Discours d’Olivier Véran : Bien vieillir à domicile et en établissement

Discours d’Olivier Véran, ministre des Solidarités et de la Santé, prononcé le 8 mars 2022. Seul le prononcé fait foi.

Madame la ministre, Chère Brigitte,
Madame la préfète,
Monsieur le député, (Guillaume Gouffier-Cha),
Monsieur le Président du Conseil départemental du Val-de-Marne, (Christian Favier),
Monsieur le Maire de Fontenay-sous-Bois, (Jean-Philippe Gautrais)
Monsieur le Directeur, (Emmanuel Sys),
Mesdames, messieurs,

Ne tournons pas autour du pot : la parution du livre de Victor Castanet, dont le travail mérite d’être salué, a suscité une émotion très vive, que je partage pleinement et parler d’« émotion » est un peu faible pour qualifier ce que Brigitte Bourguignon et moi avons ressenti en le lisant ; vous pouvez y ajouter les mots colère et indignation.

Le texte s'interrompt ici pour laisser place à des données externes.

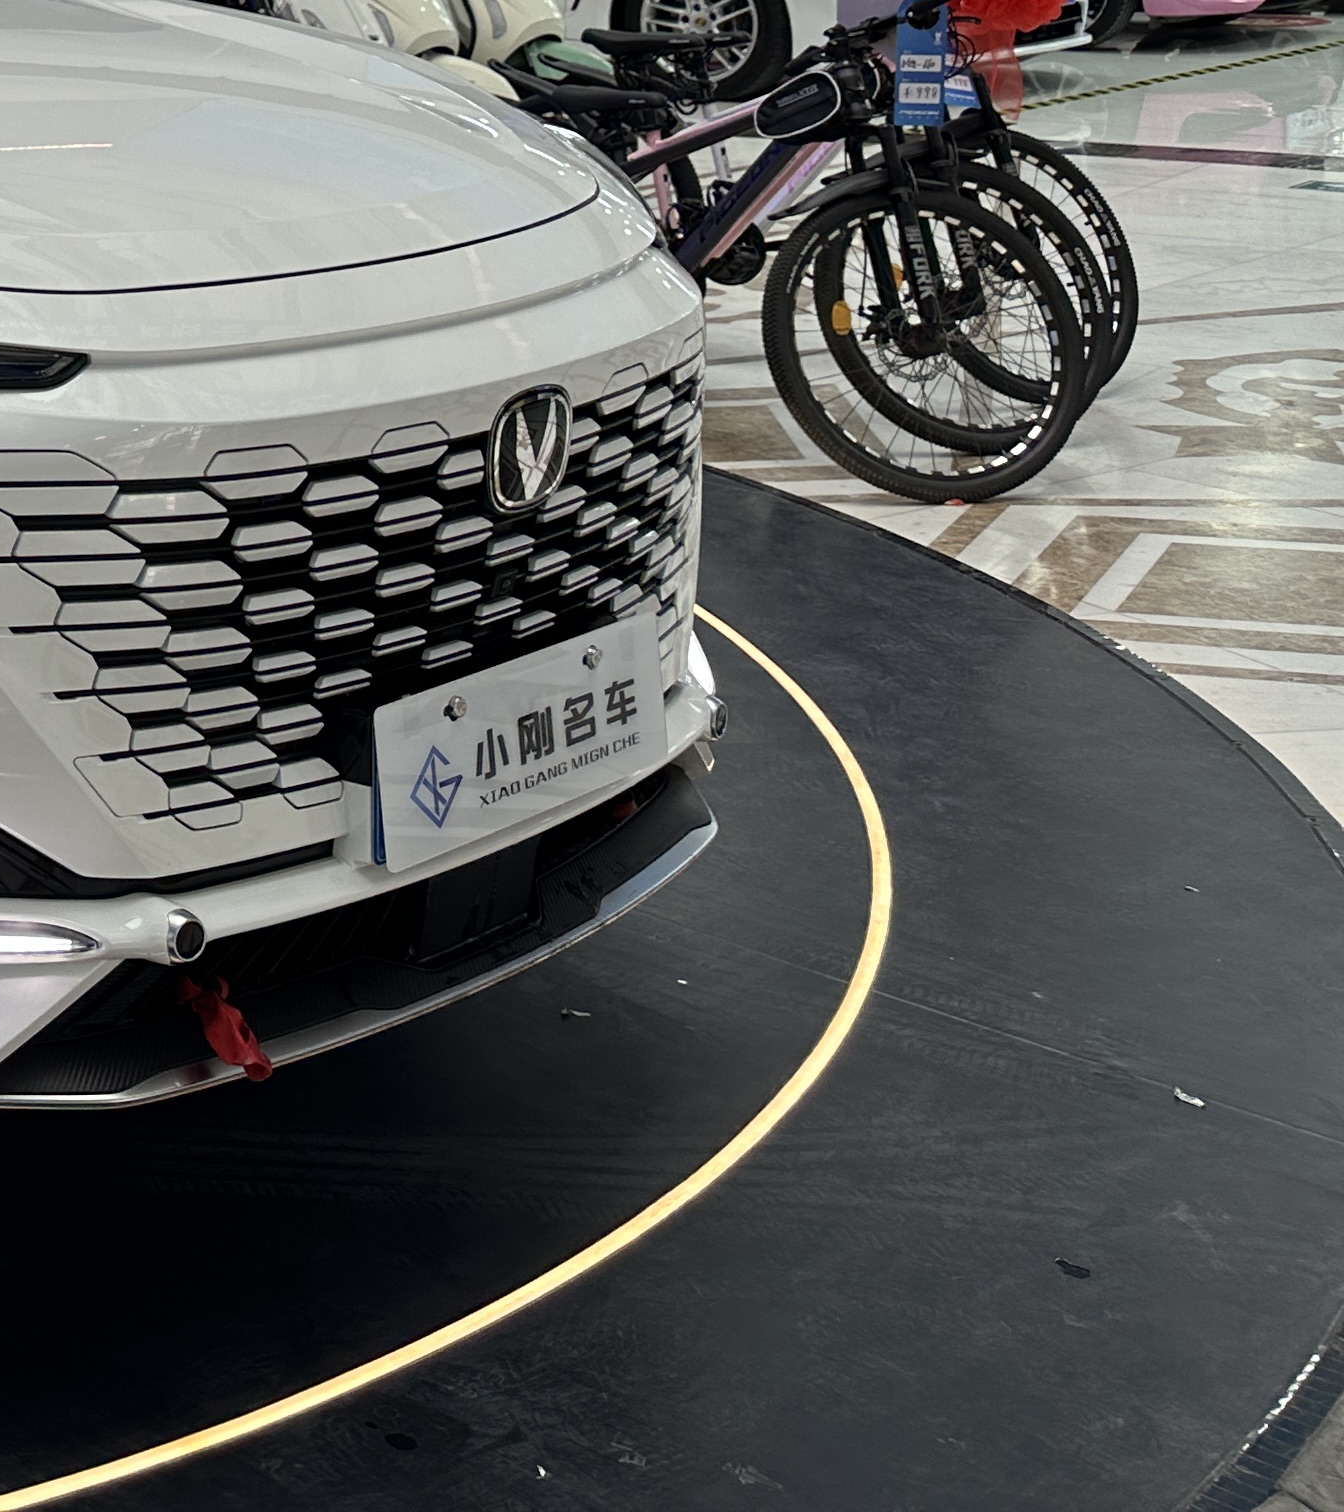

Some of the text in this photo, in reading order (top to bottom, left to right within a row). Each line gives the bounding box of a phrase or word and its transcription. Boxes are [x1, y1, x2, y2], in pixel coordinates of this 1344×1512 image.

Face à des pratiques contraires à nos principes, contraires à l’idée que nous nous faisons du soin, de l’accompagnement, contraires à ce qu’une société doit à ses aînés, nous devons agir avec détermination et fermeté.

Je veux d’abord dire à celles et ceux qui travaillent en établissements et à domicile, auprès des personnes âgées, que l’ancien aide-soignant en Ehpad que je suis connaît leur professionnalisme et la force de leur engagement.

Je veux vous dire le rôle essentiel que vous jouez chaque jour, dans tous nos territoires, au service des plus âgés et des plus fragiles.

La période que nous traversons, où la société s’interroge sur son avenir et donc sur elle-même, cette période montre que l’attention portée à l’autre n’est pas une valeur abstraite, mais une exigence constante.

Le grand âge n’a pas été le grand absent de ce quinquennat et, malgré les nombreuses tempêtes, des actes fondateurs ont été posés et des engagements sans précédent ont été pris.

Etait-ce nécessaire ? Oui, si l’on regarde le défi démographique immense qui est déjà là, sous nos yeux, et la création d’une cinquième branche de la sécurité sociale dédiée à l’autonomie n’était ni un effet d’annonce, ni un effet de manche, c’est aujourd’hui une réalité.

Etait-ce suffisant ? Non, et si nous pouvons nous féliciter du chemin parcouru, nous devons aussi regarder avec humilité la tâche qui est devant nous.

L’humilité, c’est d’abord écouter et entendre ce que nous disent les Français qui envisagent leur propre vieillissement et qui demandent presqu’invariablement de pouvoir rester chez eux, le plus longtemps possible.

Vieillir chez soi n’est pas une demande extravagante, ça n’est pas un caprice, c’est le souhait toujours légitime formulé par un proche confronté, à plus ou moins long terme, à la perte d’autonomie.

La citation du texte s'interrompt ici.